Don't be kidding yourself, those BOD/executives at DVC don't really care that we get upset. Between the increasing restrictions, the lock-off premium attempt, & other actions, those things show that they really only care what's in their best interests.

LAX

I expect them to make the hard decisions, regardless of thst, but I still wouldn't want to be them having to explain to owners.

It seems to me that we have many owners who really don’t understand the entire workings of owning a timeshare.
 
I expect them to make the hard decisions, regardless of thst, but I still wouldn't want to be them having to explain to owners.

It seems to me that we have many owners who really don’t understand the entire workings of owning a timeshare.
Based on some comments here but especially on other sites including FB, some owners seem to think they joined an affinity club similar to an airline or hotel rewards program rather than purchasing real estate.
 
Just out of curiosity. When DVC reservations were affected by hurricane-related closures in the past, what happened to expiring points on those reservations?

LAX
We had to leave early when Matthew blew through. Caught one of the last planes out before MCO shut down. MS returned the points from the remaining nights to our account. We didn't ask them to do it. I just wanted to get home. IIRC, points showed up a few days after WDW returned to normal operations.
 
We had to leave early when Matthew blew through. Caught one of the last planes out before MCO shut down. MS returned the points from the remaining nights to our account. We didn't ask them to do it. I just wanted to get home. IIRC, points showed up a few days after WDW returned to normal operations.

Thanks for reporting your experience. I think it's a given that points used for reservations during closure will be returned, but the important issue is the returned points being soon to expire. I guess if owners in the past were to assume the risk of those points becoming worthless when planning trip so close to the end of their "shelf-life", then may be the same applies here although it's definitely at a much larger scale.
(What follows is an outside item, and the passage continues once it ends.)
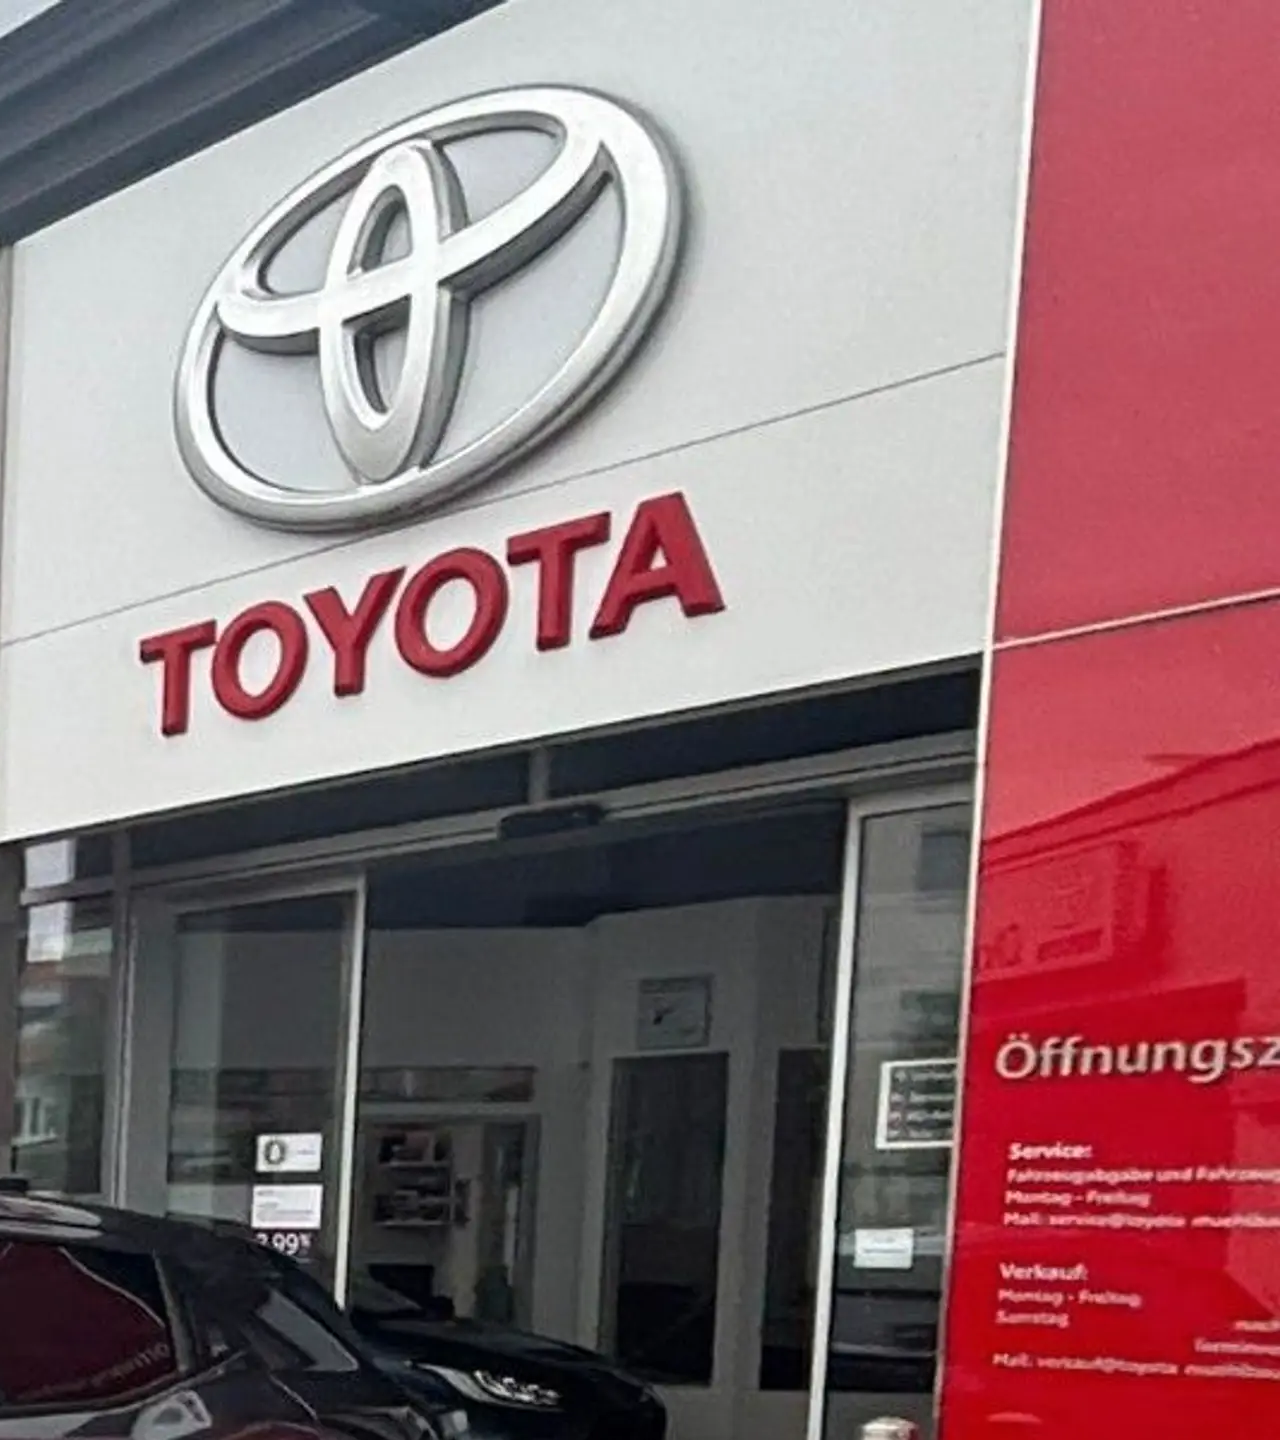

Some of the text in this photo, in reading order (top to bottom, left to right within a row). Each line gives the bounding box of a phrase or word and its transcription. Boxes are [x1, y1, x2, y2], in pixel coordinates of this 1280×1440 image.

I remember doing my research when I was looking to purchase and many people here stressed the importance of picking the "right" UY because booking trips near the end of an UY has inherent risks.

LAX
 
Thanks for reporting your experience. I think it's a given that points used for reservations during closure will be returned, but the important issue is the returned points being soon to expire. I guess if owners in the past were to assume the risk of those points becoming worthless when planning trip so close to the end of their "shelf-life", then may be the same applies here although it's definitely at a much larger scale.

I remember doing my research when I was looking to purchase and many people here stressed the importance of picking the "right" UY because booking trips near the end of an UY has inherent risks.

LAX

I know it’s not a popular opinion, but that is my feeling. Traveling late in the UY is a risky move and while I can sympathize with an owner, I am not sure that I agree that a huge policy change should happen. But, DVC has all the info and will have to figure out if they need to hold the line, or can accommodate without a larger impact down the road
 
I know it’s not a popular opinion, but that is my feeling. Traveling late in the UY is a risky move and while I can sympathize with an owner, I am not sure that I agree that a huge policy change should happen. But, DVC has all the info and will have to figure out if they need to hold the line, or can accommodate without a larger impact down the road

Personally, I agree with you even though my "stake" is admittedly small (only about 30 borrowed points that won't expire until later in the year, which can likely be salvaged to some extents). I think it would be awesome if DVC/Disney can help out (even partially if not fully), but it shouldn't be expected, IMHO.